___ Supplied material
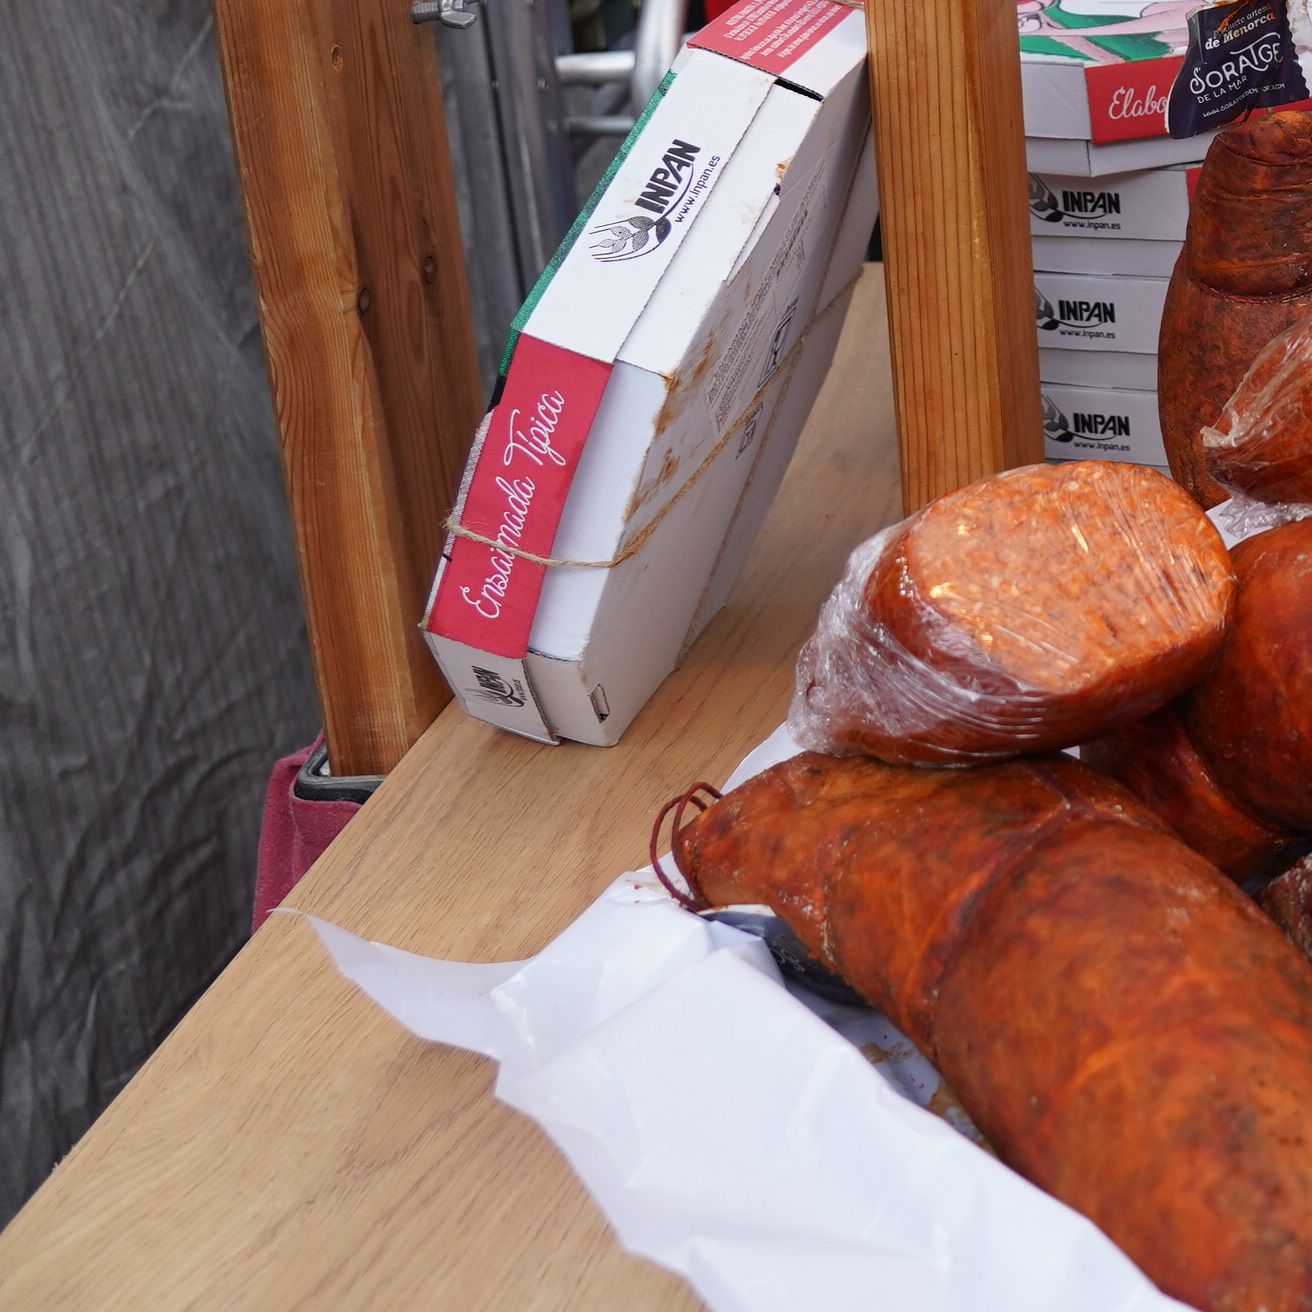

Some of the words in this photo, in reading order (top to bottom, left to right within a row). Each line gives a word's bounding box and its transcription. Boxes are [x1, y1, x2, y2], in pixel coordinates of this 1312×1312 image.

[1205, 35, 1221, 51] de
[1222, 11, 1276, 44] Menorca
[1197, 94, 1212, 104] DE
[1213, 88, 1227, 99] LA
[1229, 75, 1248, 91] MAR
[634, 138, 702, 214] INPAN
[674, 155, 721, 223] www.inpan.es
[1062, 190, 1121, 214] INPAN
[1063, 220, 1121, 230] www.inpan.es
[1058, 299, 1116, 323] INPAN
[1059, 329, 1116, 339] www.inpan.es
[1073, 412, 1131, 436] INPAN
[1074, 441, 1131, 452] www.inpan.es
[459, 475, 536, 619] Ensaimada
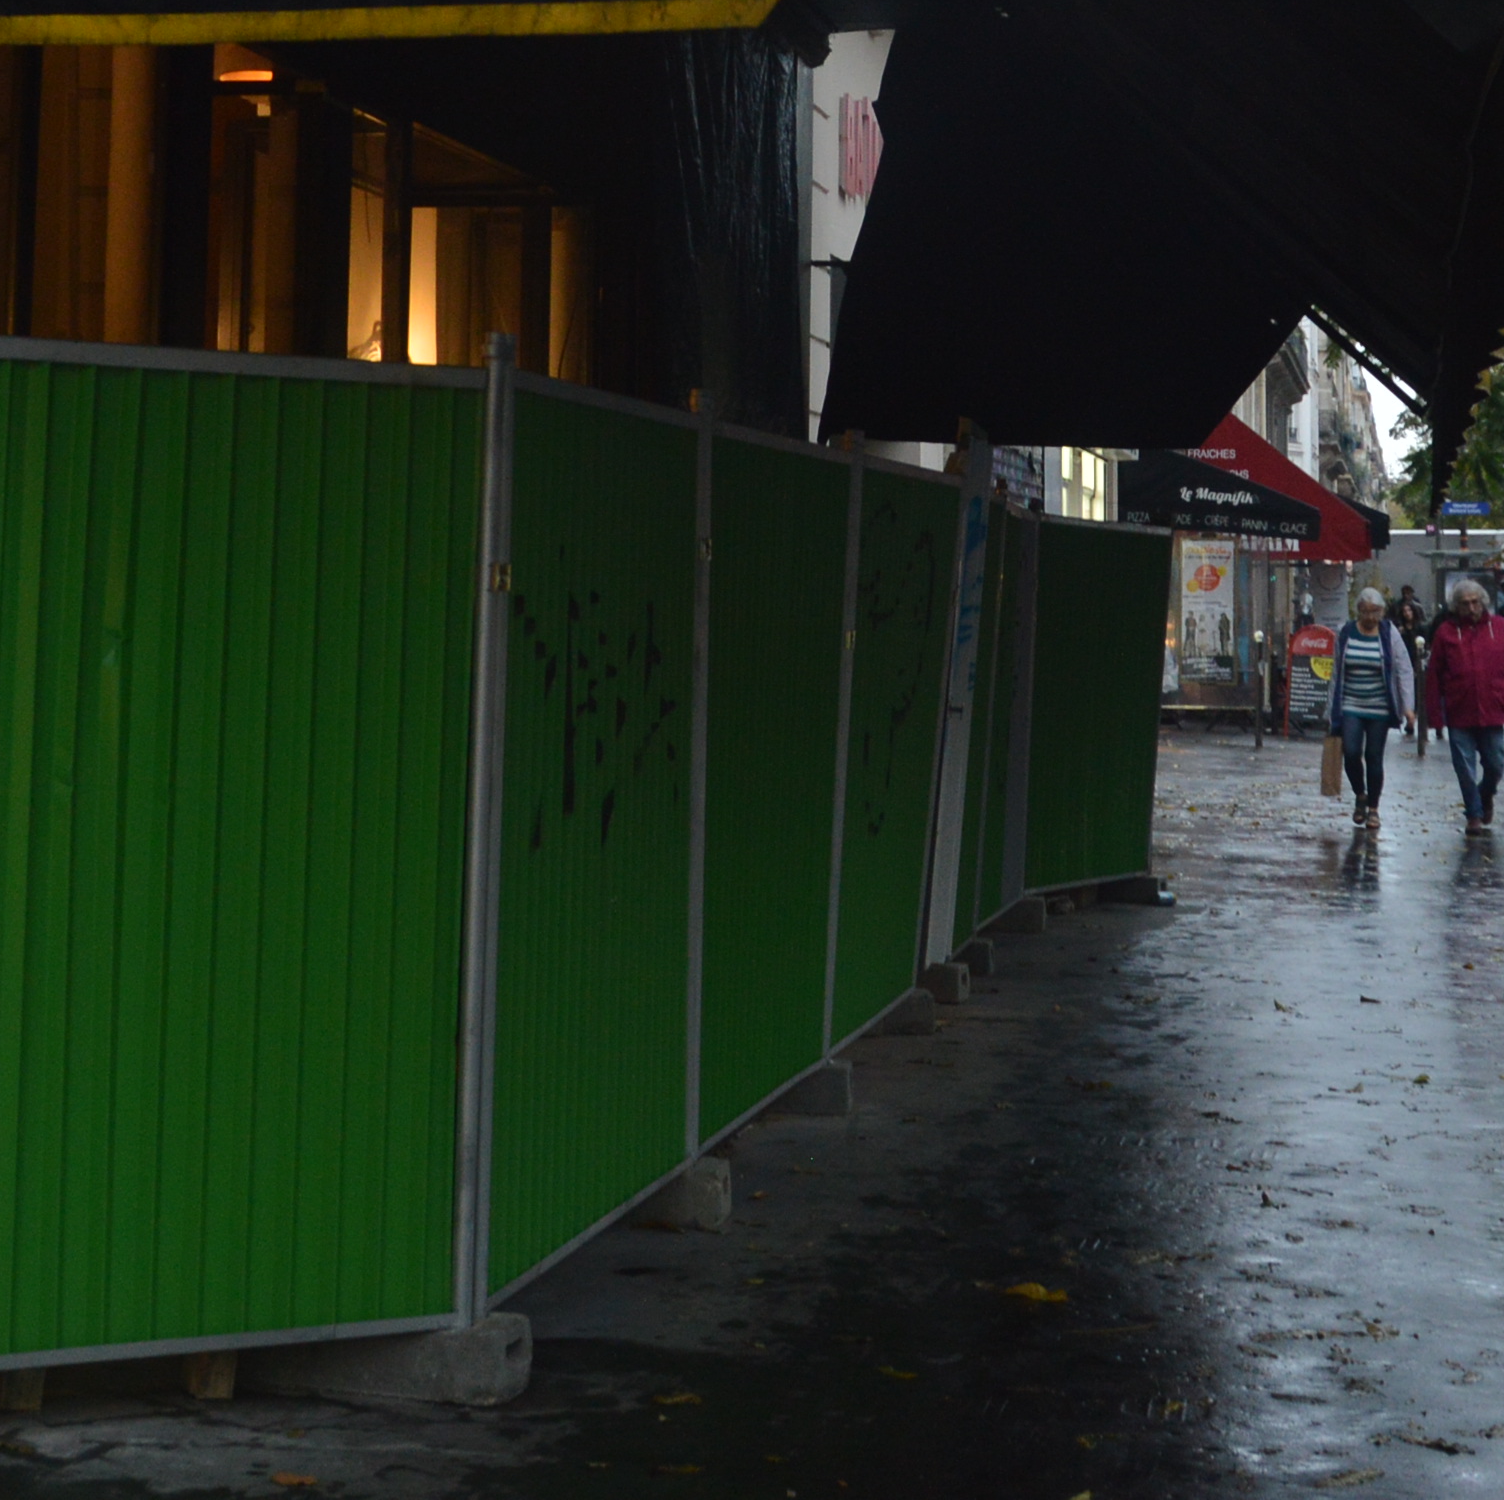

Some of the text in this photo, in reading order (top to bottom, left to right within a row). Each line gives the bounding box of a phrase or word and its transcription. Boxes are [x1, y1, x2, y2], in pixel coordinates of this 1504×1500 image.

[1180, 486, 1193, 503] Le
[1127, 511, 1151, 523] PIZZA
[1280, 521, 1309, 535] GLACE
______
**What you need to do:**
Exactly repeat the data above; the pictures do not belong in your copy.

**Response:**
Some of the words in this photo, in reading order (top to bottom, left to right within a row). Each line gives a word's bounding box and its transcription. Boxes are [x1, y1, x2, y2], in pixel coordinates of this 1312×1312 image.

[1205, 35, 1221, 51] de
[1222, 11, 1276, 44] Menorca
[1197, 94, 1212, 104] DE
[1213, 88, 1227, 99] LA
[1229, 75, 1248, 91] MAR
[634, 138, 702, 214] INPAN
[674, 155, 721, 223] www.inpan.es
[1062, 190, 1121, 214] INPAN
[1063, 220, 1121, 230] www.inpan.es
[1058, 299, 1116, 323] INPAN
[1059, 329, 1116, 339] www.inpan.es
[1073, 412, 1131, 436] INPAN
[1074, 441, 1131, 452] www.inpan.es
[459, 475, 536, 619] Ensaimada

Some of the text in this photo, in reading order (top to bottom, left to right within a row). Each line gives the bounding box of a phrase or word and its transcription. Boxes are [x1, y1, x2, y2], in pixel coordinates of this 1504×1500 image.

[1180, 486, 1193, 503] Le
[1127, 511, 1151, 523] PIZZA
[1280, 521, 1309, 535] GLACE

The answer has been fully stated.